**WORK TO BE COMPLETED**
The entries are to be output word for word, with the pictures omitted.

**INFORMATION GIVEN**
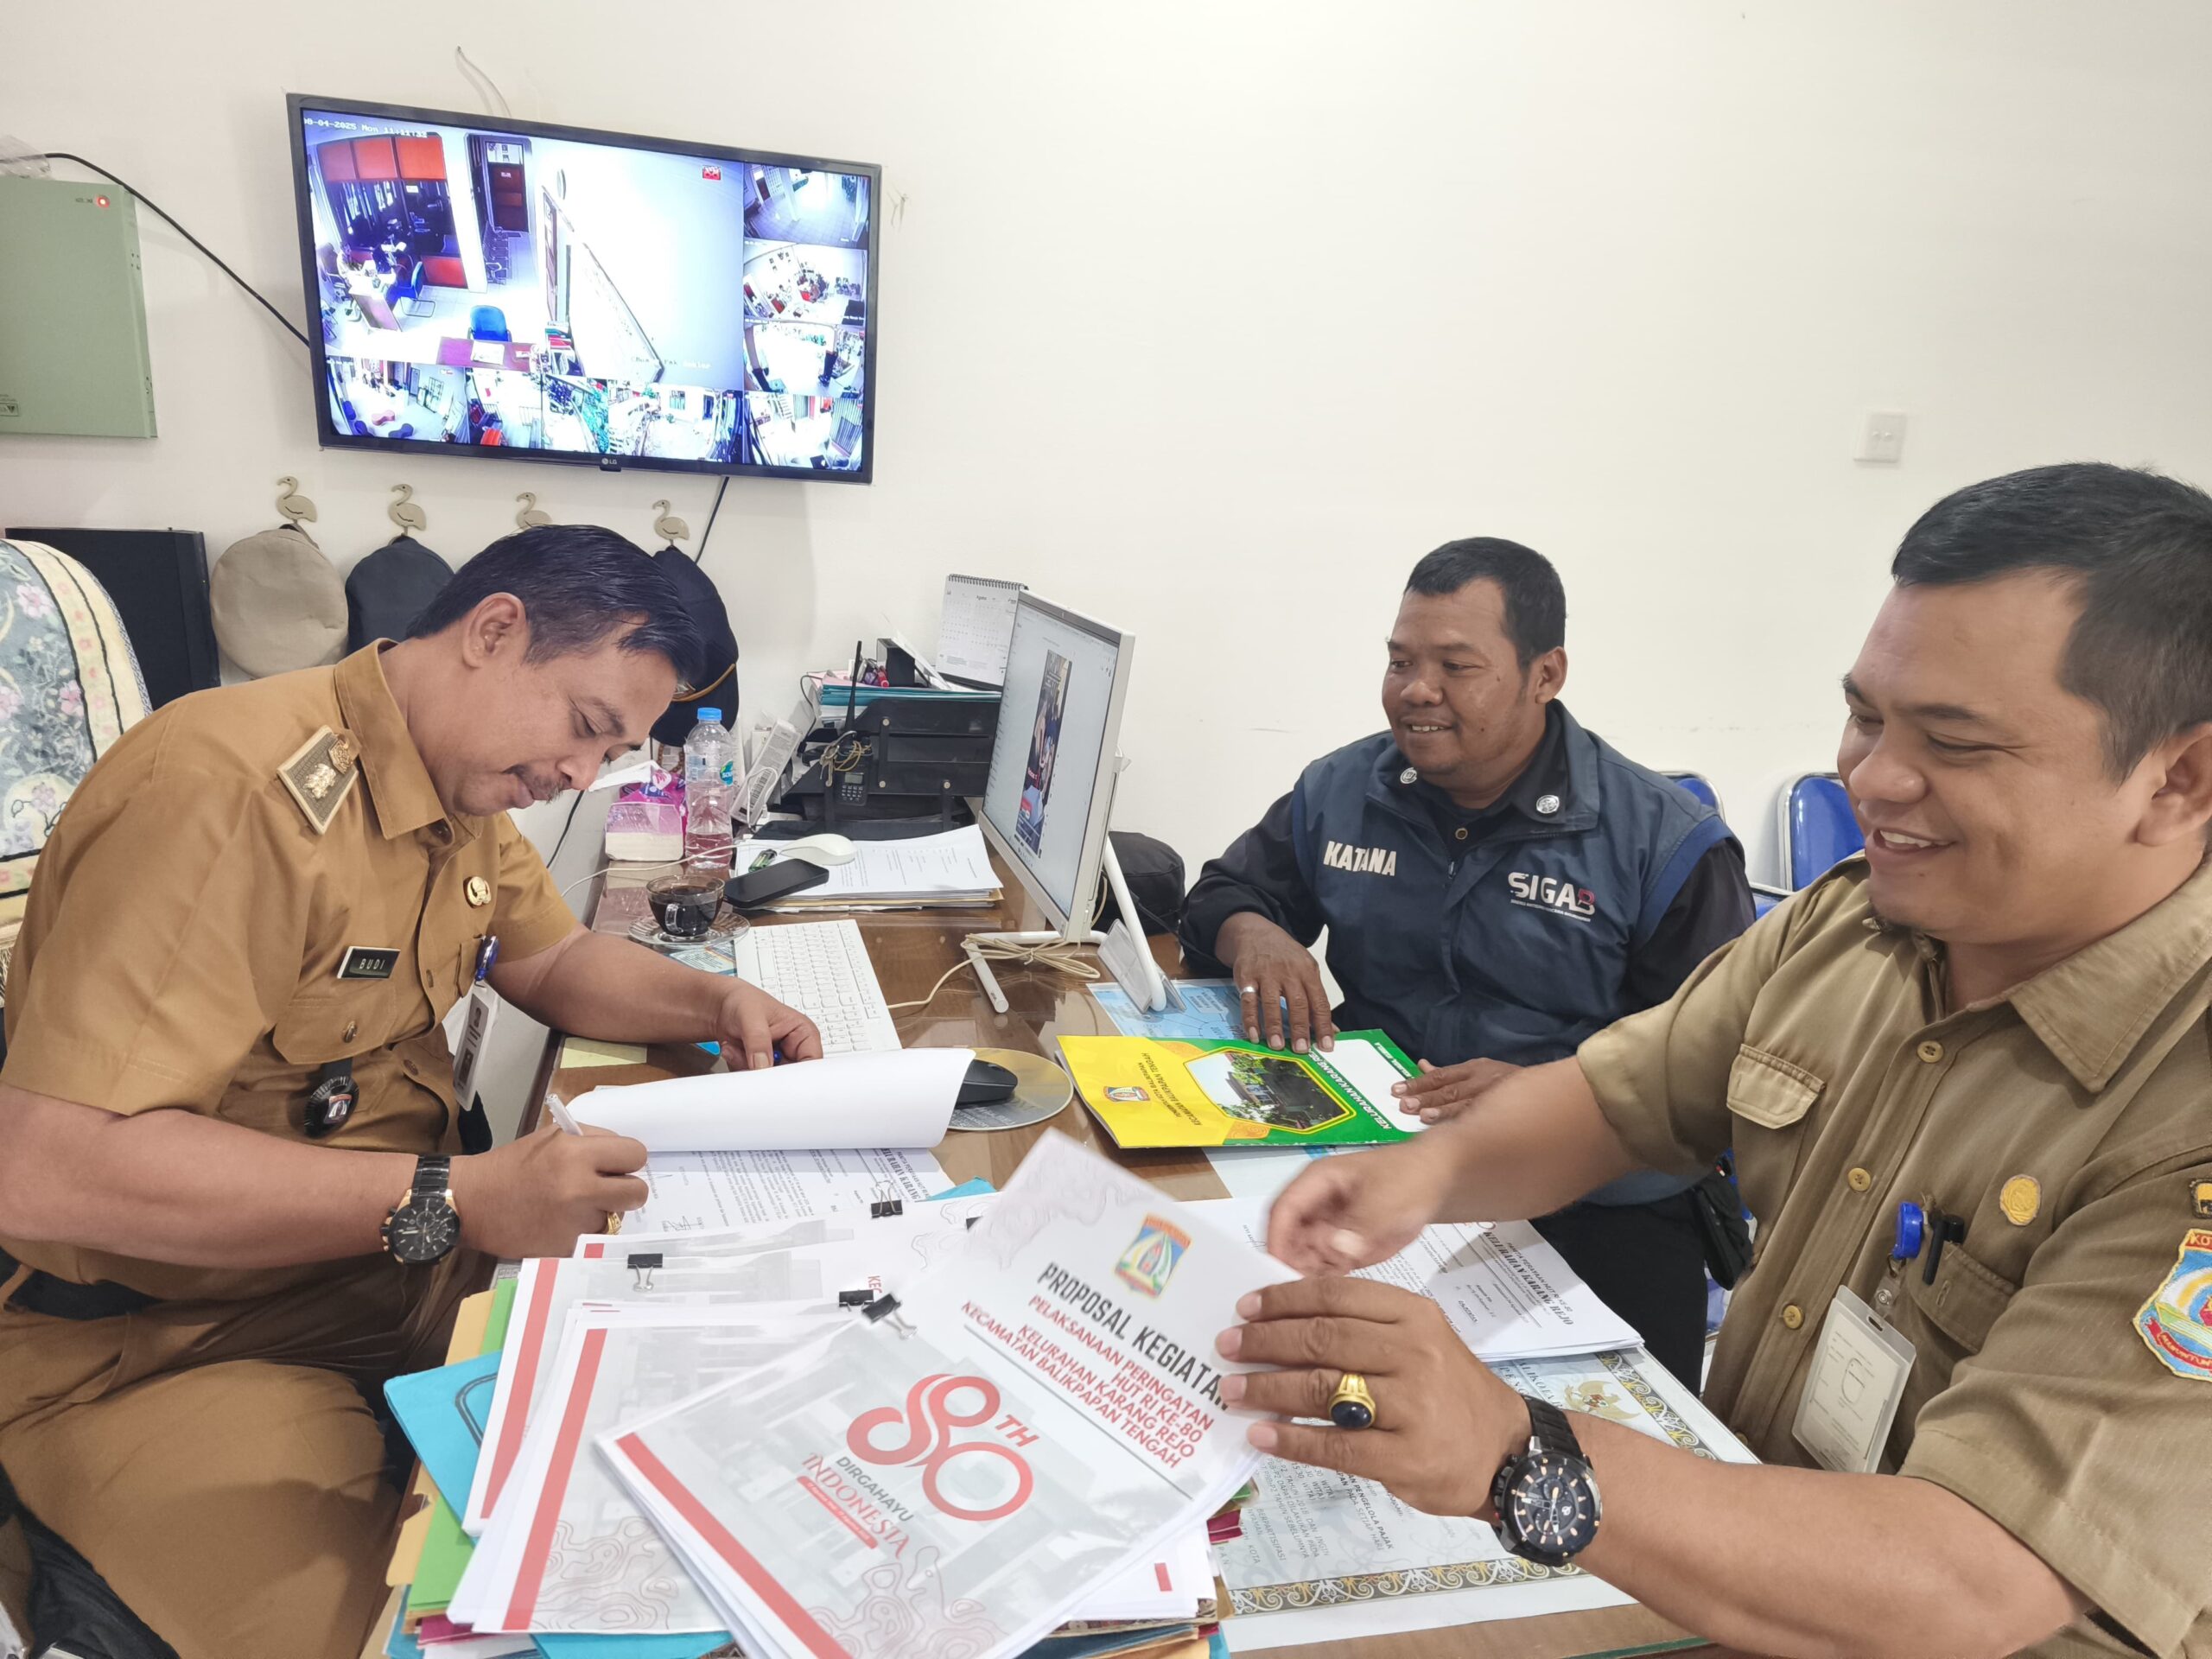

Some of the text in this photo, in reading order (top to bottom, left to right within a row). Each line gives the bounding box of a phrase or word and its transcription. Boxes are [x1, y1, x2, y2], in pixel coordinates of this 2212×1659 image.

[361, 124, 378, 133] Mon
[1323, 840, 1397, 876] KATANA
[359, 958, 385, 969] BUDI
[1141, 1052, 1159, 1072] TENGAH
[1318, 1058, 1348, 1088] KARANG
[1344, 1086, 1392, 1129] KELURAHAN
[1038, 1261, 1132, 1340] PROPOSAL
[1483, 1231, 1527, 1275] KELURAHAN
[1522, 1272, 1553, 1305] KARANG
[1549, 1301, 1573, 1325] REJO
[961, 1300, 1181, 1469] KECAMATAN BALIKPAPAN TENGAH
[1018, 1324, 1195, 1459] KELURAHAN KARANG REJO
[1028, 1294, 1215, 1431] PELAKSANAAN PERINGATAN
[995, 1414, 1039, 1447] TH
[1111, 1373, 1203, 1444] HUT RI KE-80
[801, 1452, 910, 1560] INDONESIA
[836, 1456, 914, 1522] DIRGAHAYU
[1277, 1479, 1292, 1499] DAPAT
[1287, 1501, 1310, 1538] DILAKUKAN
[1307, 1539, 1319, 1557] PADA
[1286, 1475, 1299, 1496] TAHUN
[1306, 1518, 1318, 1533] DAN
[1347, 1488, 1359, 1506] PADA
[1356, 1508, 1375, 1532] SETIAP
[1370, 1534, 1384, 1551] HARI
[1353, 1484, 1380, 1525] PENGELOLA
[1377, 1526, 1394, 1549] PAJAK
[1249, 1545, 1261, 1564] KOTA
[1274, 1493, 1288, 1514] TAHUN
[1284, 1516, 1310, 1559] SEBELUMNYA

**RESPONSE TO THIS TASK**
Some of the text in this photo, in reading order (top to bottom, left to right within a row). Each line gives the bounding box of a phrase or word and its transcription. Boxes are [x1, y1, x2, y2], in pixel coordinates of this 2212×1659 image.

[361, 124, 378, 133] Mon
[1323, 840, 1397, 876] KATANA
[359, 958, 385, 969] BUDI
[1141, 1052, 1159, 1072] TENGAH
[1318, 1058, 1348, 1088] KARANG
[1344, 1086, 1392, 1129] KELURAHAN
[1038, 1261, 1132, 1340] PROPOSAL
[1483, 1231, 1527, 1275] KELURAHAN
[1522, 1272, 1553, 1305] KARANG
[1549, 1301, 1573, 1325] REJO
[961, 1300, 1181, 1469] KECAMATAN BALIKPAPAN TENGAH
[1018, 1324, 1195, 1459] KELURAHAN KARANG REJO
[1028, 1294, 1215, 1431] PELAKSANAAN PERINGATAN
[995, 1414, 1039, 1447] TH
[1111, 1373, 1203, 1444] HUT RI KE-80
[801, 1452, 910, 1560] INDONESIA
[836, 1456, 914, 1522] DIRGAHAYU
[1277, 1479, 1292, 1499] DAPAT
[1287, 1501, 1310, 1538] DILAKUKAN
[1307, 1539, 1319, 1557] PADA
[1286, 1475, 1299, 1496] TAHUN
[1306, 1518, 1318, 1533] DAN
[1347, 1488, 1359, 1506] PADA
[1356, 1508, 1375, 1532] SETIAP
[1370, 1534, 1384, 1551] HARI
[1353, 1484, 1380, 1525] PENGELOLA
[1377, 1526, 1394, 1549] PAJAK
[1249, 1545, 1261, 1564] KOTA
[1274, 1493, 1288, 1514] TAHUN
[1284, 1516, 1310, 1559] SEBELUMNYA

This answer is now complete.